- TASK TO CARRY OUT
Write every entry out again, unchanged.

----- MATERIAL PROVIDED

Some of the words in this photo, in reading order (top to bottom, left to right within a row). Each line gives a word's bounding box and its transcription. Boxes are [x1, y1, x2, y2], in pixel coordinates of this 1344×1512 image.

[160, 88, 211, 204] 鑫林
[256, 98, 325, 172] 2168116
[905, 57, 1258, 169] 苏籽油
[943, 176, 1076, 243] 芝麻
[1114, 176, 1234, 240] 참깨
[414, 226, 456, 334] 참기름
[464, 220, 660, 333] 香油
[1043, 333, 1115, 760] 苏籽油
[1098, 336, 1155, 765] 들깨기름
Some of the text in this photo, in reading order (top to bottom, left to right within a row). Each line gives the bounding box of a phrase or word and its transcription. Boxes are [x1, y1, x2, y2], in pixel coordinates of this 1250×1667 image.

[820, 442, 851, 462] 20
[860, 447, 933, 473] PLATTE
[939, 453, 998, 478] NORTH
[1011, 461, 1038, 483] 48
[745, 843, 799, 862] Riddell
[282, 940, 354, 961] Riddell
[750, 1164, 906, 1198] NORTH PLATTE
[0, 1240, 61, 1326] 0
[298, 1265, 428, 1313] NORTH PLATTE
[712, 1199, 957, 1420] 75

----------

- SOLUTION FOR THIS PROBLEM
Some of the words in this photo, in reading order (top to bottom, left to right within a row). Each line gives a word's bounding box and its transcription. Boxes are [x1, y1, x2, y2], in pixel coordinates of this 1344×1512 image.

[160, 88, 211, 204] 鑫林
[256, 98, 325, 172] 2168116
[905, 57, 1258, 169] 苏籽油
[943, 176, 1076, 243] 芝麻
[1114, 176, 1234, 240] 참깨
[414, 226, 456, 334] 참기름
[464, 220, 660, 333] 香油
[1043, 333, 1115, 760] 苏籽油
[1098, 336, 1155, 765] 들깨기름
Some of the text in this photo, in reading order (top to bottom, left to right within a row). Each line gives the bounding box of a phrase or word and its transcription. Boxes are [x1, y1, x2, y2], in pixel coordinates of this 1250×1667 image.

[820, 442, 851, 462] 20
[860, 447, 933, 473] PLATTE
[939, 453, 998, 478] NORTH
[1011, 461, 1038, 483] 48
[745, 843, 799, 862] Riddell
[282, 940, 354, 961] Riddell
[750, 1164, 906, 1198] NORTH PLATTE
[0, 1240, 61, 1326] 0
[298, 1265, 428, 1313] NORTH PLATTE
[712, 1199, 957, 1420] 75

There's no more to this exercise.